Exactly the lines from the one with "this 1500×1000 image." through the end of the material are to be output, both included, with no other text.

THE RECORDS:
Content starts
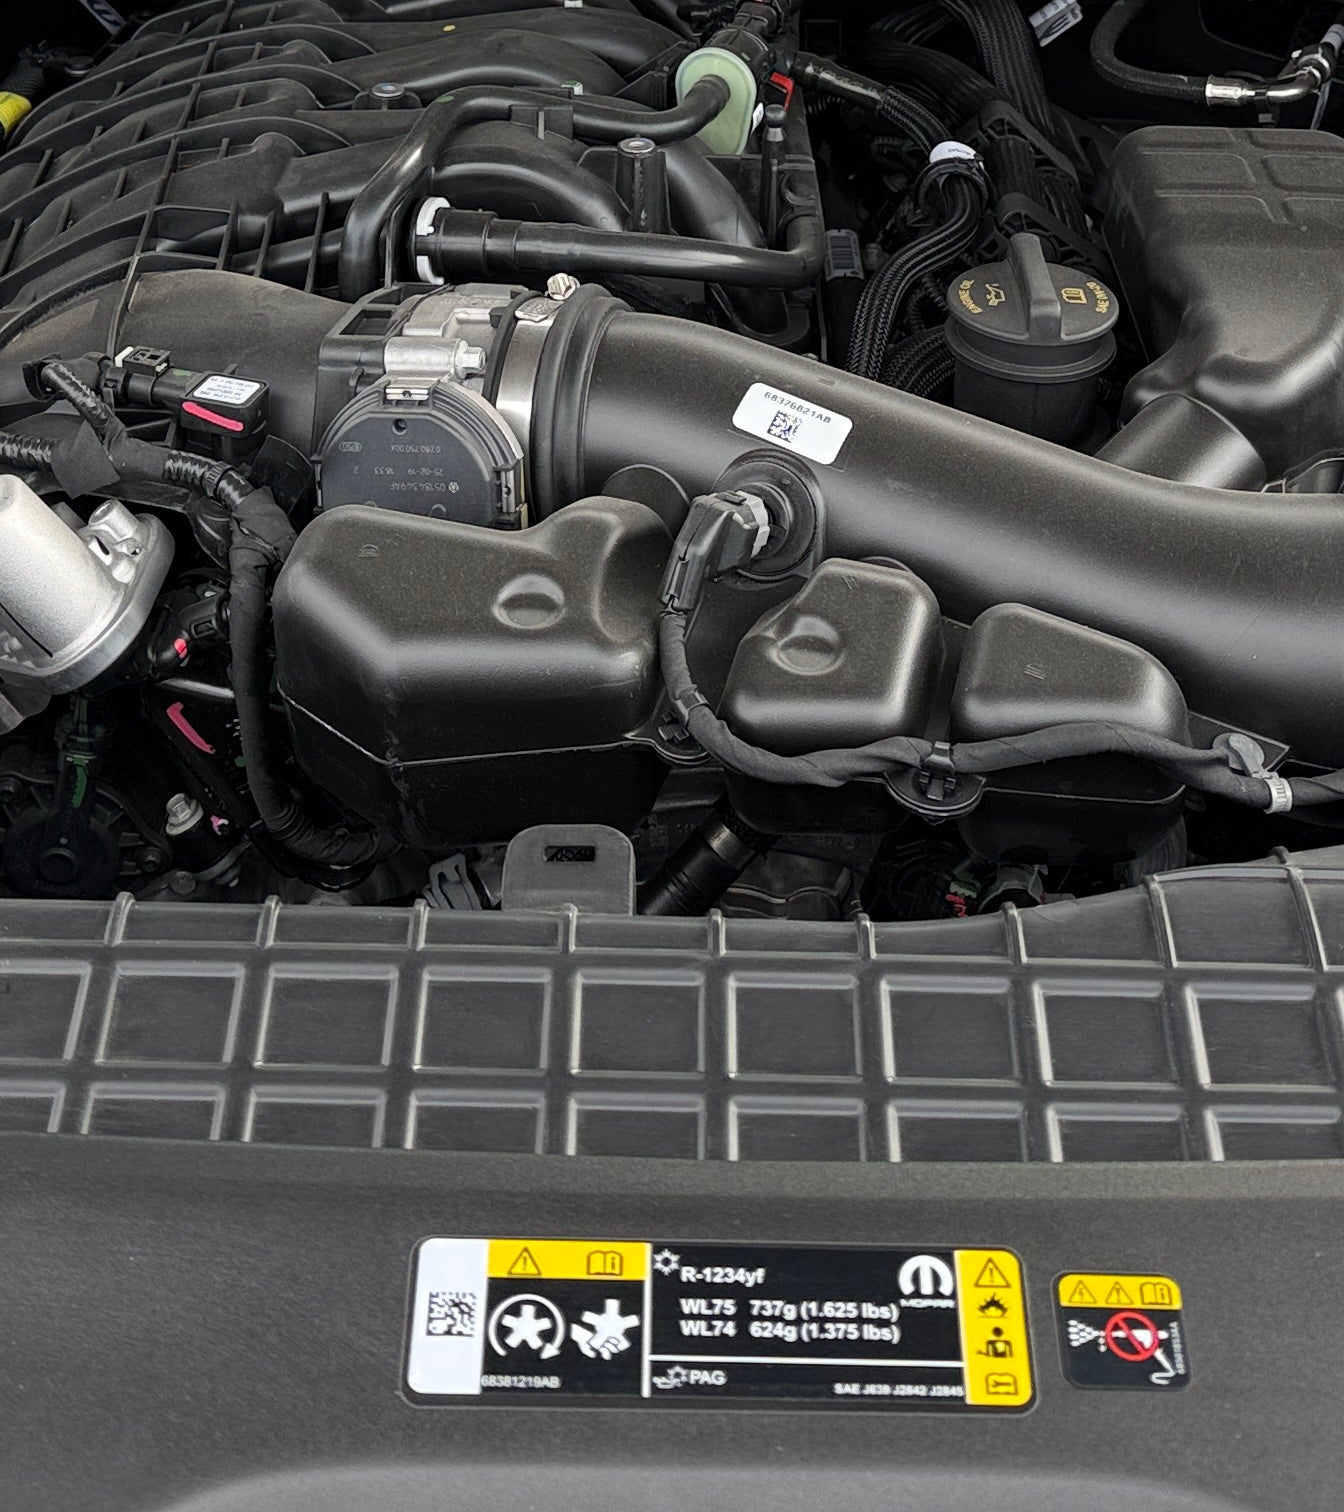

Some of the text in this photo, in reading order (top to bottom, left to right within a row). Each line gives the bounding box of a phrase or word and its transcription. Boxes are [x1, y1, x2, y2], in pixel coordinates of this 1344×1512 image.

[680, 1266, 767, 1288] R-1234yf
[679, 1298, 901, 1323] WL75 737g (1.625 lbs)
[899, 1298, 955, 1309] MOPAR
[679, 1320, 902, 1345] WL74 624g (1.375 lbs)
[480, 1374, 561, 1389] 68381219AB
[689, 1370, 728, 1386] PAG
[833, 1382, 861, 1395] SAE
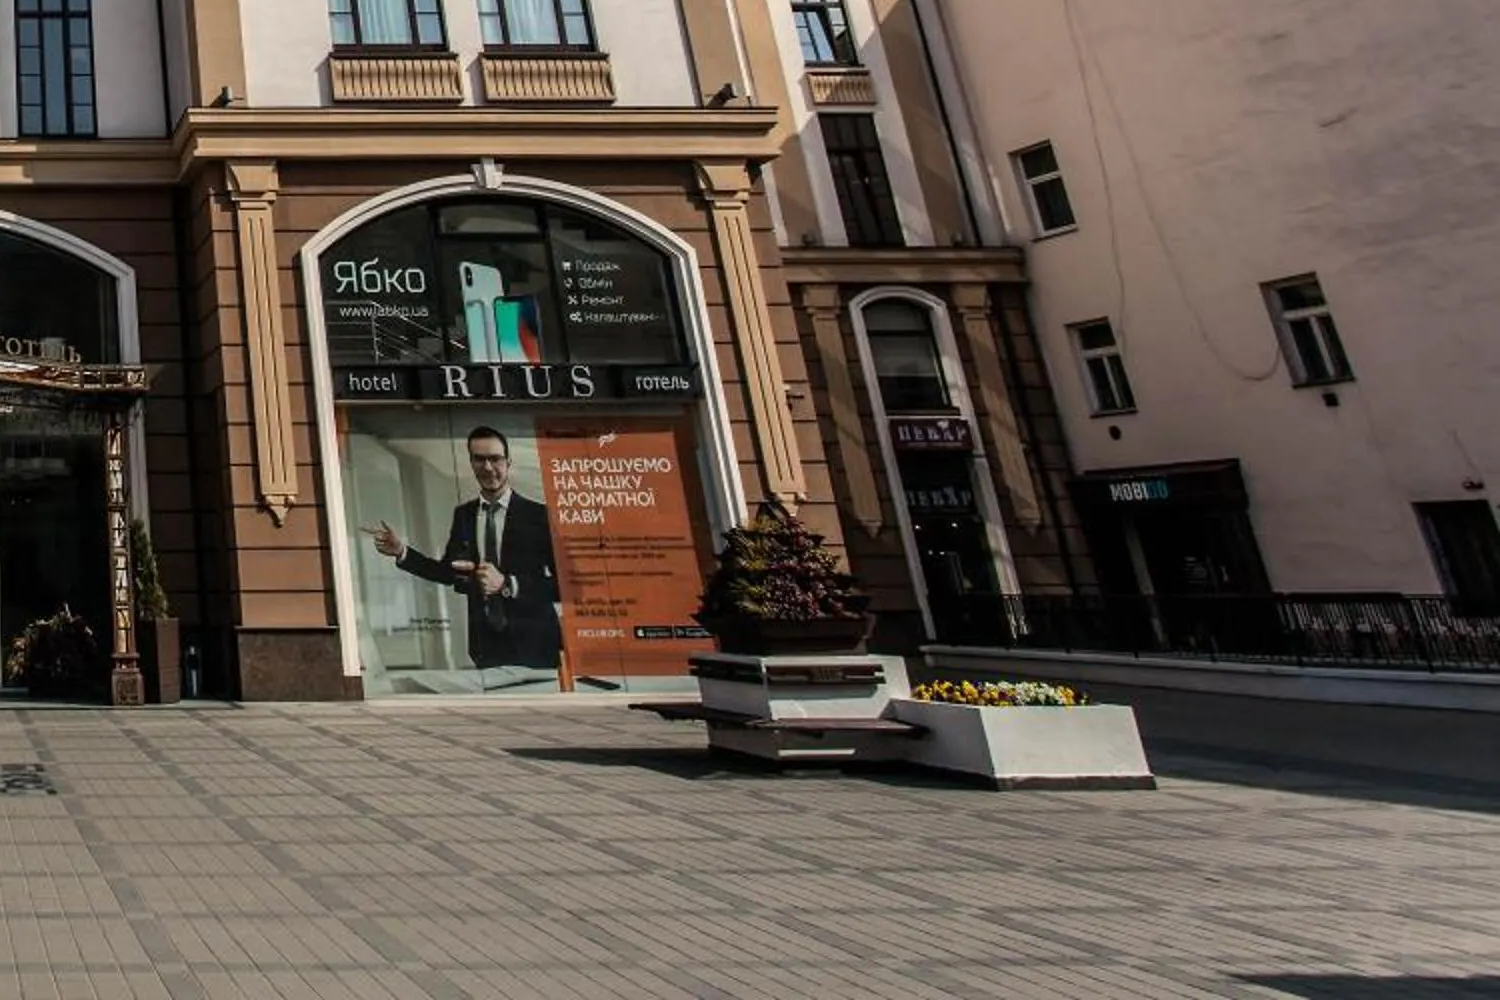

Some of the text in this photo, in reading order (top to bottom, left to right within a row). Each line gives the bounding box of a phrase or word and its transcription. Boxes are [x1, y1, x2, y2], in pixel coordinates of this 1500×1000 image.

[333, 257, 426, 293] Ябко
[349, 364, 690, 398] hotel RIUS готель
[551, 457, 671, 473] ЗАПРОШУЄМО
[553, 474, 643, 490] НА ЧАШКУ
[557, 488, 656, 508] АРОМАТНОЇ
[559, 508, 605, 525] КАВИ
Content ends
ANSWER SPACE:
Some of the text in this photo, in reading order (top to bottom, left to right within a row). Each line gives the bounding box of a phrase or word and its transcription. Boxes are [x1, y1, x2, y2], in pixel coordinates of this 1500×1000 image.

[333, 257, 426, 293] Ябко
[349, 364, 690, 398] hotel RIUS готель
[551, 457, 671, 473] ЗАПРОШУЄМО
[553, 474, 643, 490] НА ЧАШКУ
[557, 488, 656, 508] АРОМАТНОЇ
[559, 508, 605, 525] КАВИ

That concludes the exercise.